The study also hypothesized that empathy training would increase communication among the experimental group, and that perceived satisfaction with group dialogue would also increase among the experimental group. To test this, the experimenters used the Hogan Empathy Scale, the Barrett-Lennard Relationship Inventory, and questionnaires. Using these measures, the study found that empathy training was not successful in increasing relational empathy.
Also, communication and satisfaction among groups did not increase as a result of the empathy training. While there didn’t seem to be a clear relationship between empathy and relational empathy training, the study did report that “relational empathy training appeared to foster greater expectations for a deep dialogic process resulting in treatment differences in perceived depth of communication”.
The environment has been another interesting topic of study. Many theorize that environmental factors, such as parenting style and relationships, play a significant role in the development of empathy in children. Empathy promotes pro social relationships, helps mediate aggression, and allows us to relate to others, all of which make empathy an important emotion among children.
A study done by Caroline Tisot looked at how a variety of environmental factors affected the development of empathy in young children. Parenting style, parent empathy, and prior social experiences were looked at. The children participating in the study were asked to complete an affective empathy measure, while the children’s parents completed the Parenting Practices Questionnaire, which assesses parenting style, and the Balanced Emotional Empathy scale.
This study found that a few parenting practices – as opposed to parenting style as a whole – contributed to the development of empathy in children. These practices include encouraging the child to imagine the perspectives of others and teaching the child to reflect on his or her own feelings.
The results also show that the development of empathy varied based on the gender of the child and parent. Paternal warmth was found to be significantly important, and was positively related to empathy within children, especially in boys. Interestingly, however, maternal warmth was negatively related to empathy within children, especially in girls.
Development of Empathy
When children are shown videoclips with situations where they see people suffering pain by coincidence, neural circuits related to pain are being activated in their brain.
By the age of two years, children normally begin to display the fundamental behaviors of empathy by having an emotional response that corresponds with another person’s emotional state. Even earlier, at one year of age, infants have some rudiments of empathy, in the sense that they understand that, just like their own actions, other people’s actions have goals.
Sometimes, toddlers will comfort others or show concern for them at as early an age as two. Also during the second year, toddlers will play games of falsehood or “pretend” in an effort to fool others, and this requires that the child know what others believe before he or she can manipulate those beliefs.
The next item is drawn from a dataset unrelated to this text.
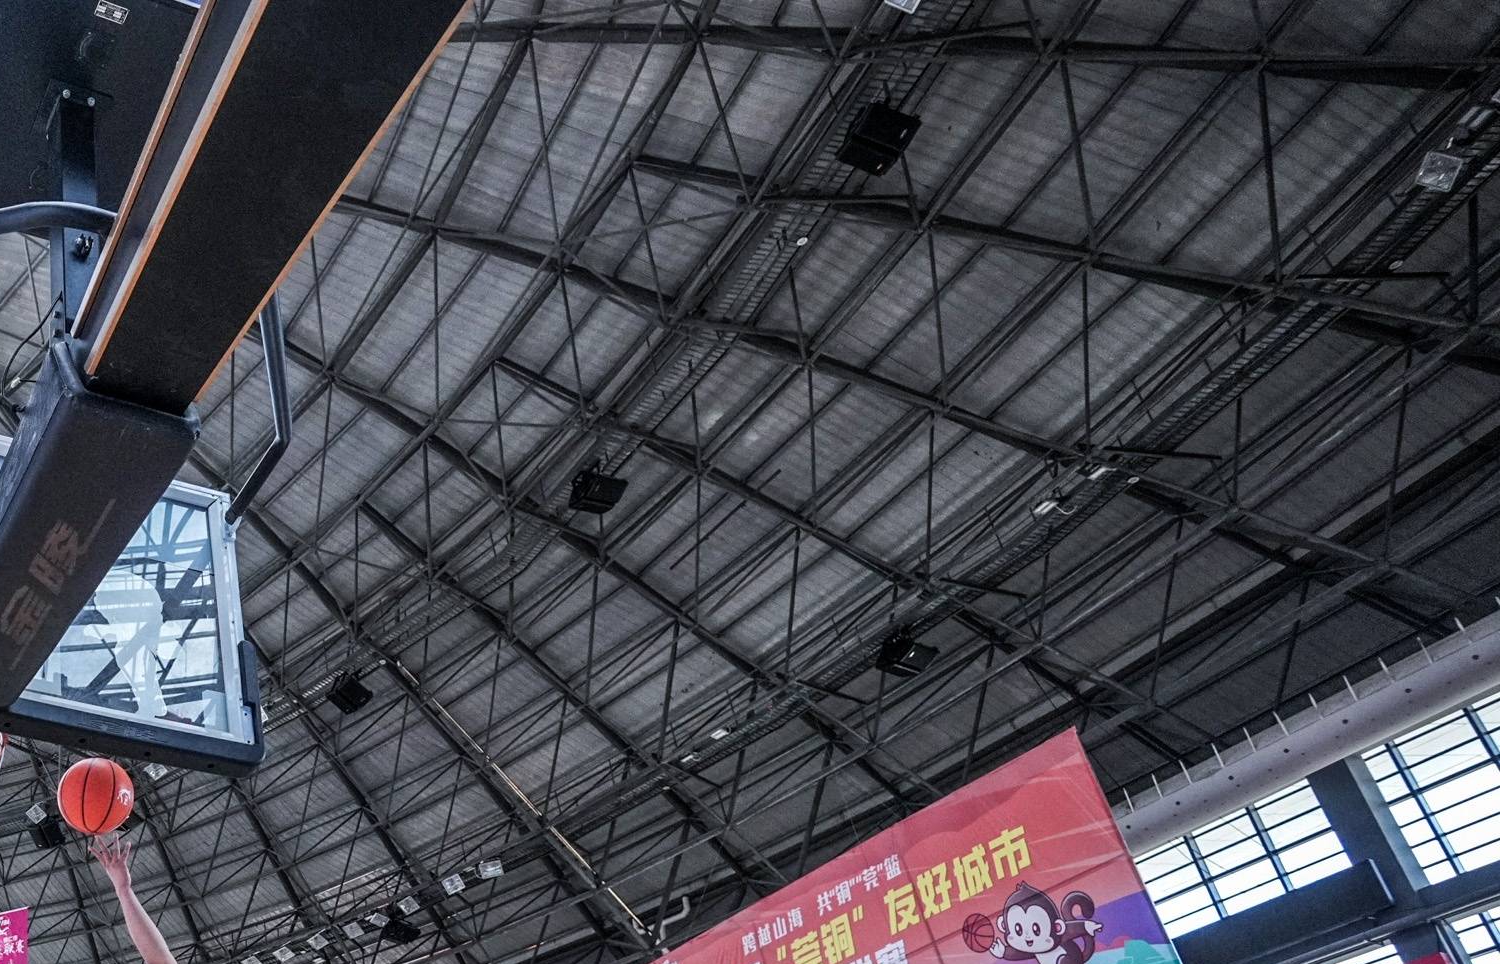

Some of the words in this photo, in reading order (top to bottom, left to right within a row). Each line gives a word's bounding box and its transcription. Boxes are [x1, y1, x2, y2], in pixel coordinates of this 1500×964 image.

[884, 825, 1032, 935] 友好城市
[742, 907, 803, 956] 跨越山海
According to researchers at the University of Chicago who used functional magnetic resonance imaging (fMRI), children between the ages of 7 and 12 years appear to be naturally inclined to feel empathy for others in pain. Their findings are consistent with previous fMRI studies of pain empathy with adults. The research also found additional aspects of the brain were activated when youngsters saw another person intentionally hurt by another individual, including regions involved in moral reasoning.
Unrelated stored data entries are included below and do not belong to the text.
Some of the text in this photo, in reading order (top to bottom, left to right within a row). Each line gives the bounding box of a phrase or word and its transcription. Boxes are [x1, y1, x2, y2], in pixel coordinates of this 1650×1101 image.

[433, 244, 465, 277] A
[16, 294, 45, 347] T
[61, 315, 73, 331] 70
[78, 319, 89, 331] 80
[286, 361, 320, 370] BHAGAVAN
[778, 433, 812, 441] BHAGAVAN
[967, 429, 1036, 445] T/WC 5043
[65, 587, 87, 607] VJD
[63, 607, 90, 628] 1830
Despite being able to show some signs of empathy, including attempting to comfort a crying baby, from as early as 18 months to two years, most children do not show a fully fledged theory of mind until around the age of four.
Theory of mind involves the ability to understand that other people may have beliefs that are different from one’s own, and is thought to involve the cognitive component of empathy. Children usually become capable of passing “false belief” tasks, considered to be a test for a theory of mind, around the age of four. Individuals with autism often find using a theory of mind very difficult (e.g. Baron-Cohen, Leslie & Frith, 1988; the Sally-Anne test).
Empathetic maturity is a cognitive structural theory developed at the Yale University School of Nursing and addresses how adults conceive or understand the personhood of patients. The theory, first applied to nurses and since applied to other professions, postulates three levels that have the properties of cognitive structures. The third and highest level is held to be a meta-ethical theory of the moral structure of care. Those adults operating with level-III understanding synthesize systems of justice and care-based ethics.
Neurological Basis of Empathy
Research in recent years has focused on possible brain processes underlying the experience of empathy. For instance, functional magnetic resonance imaging (fMRI) has been employed to investigate the functional anatomy of empathy.
These studies have shown that observing another person’s emotional state activates parts of the neuronal network involved in processing that same state in oneself, whether it is disgust, touch, or pain.
The study of the neural underpinnings of empathy has received increased interest following the target paper published by Preston and Frans de Waal, following the discovery of mirror neurons in monkeys that fire both when the creature watches another perform an action as well as when they themselves perform it.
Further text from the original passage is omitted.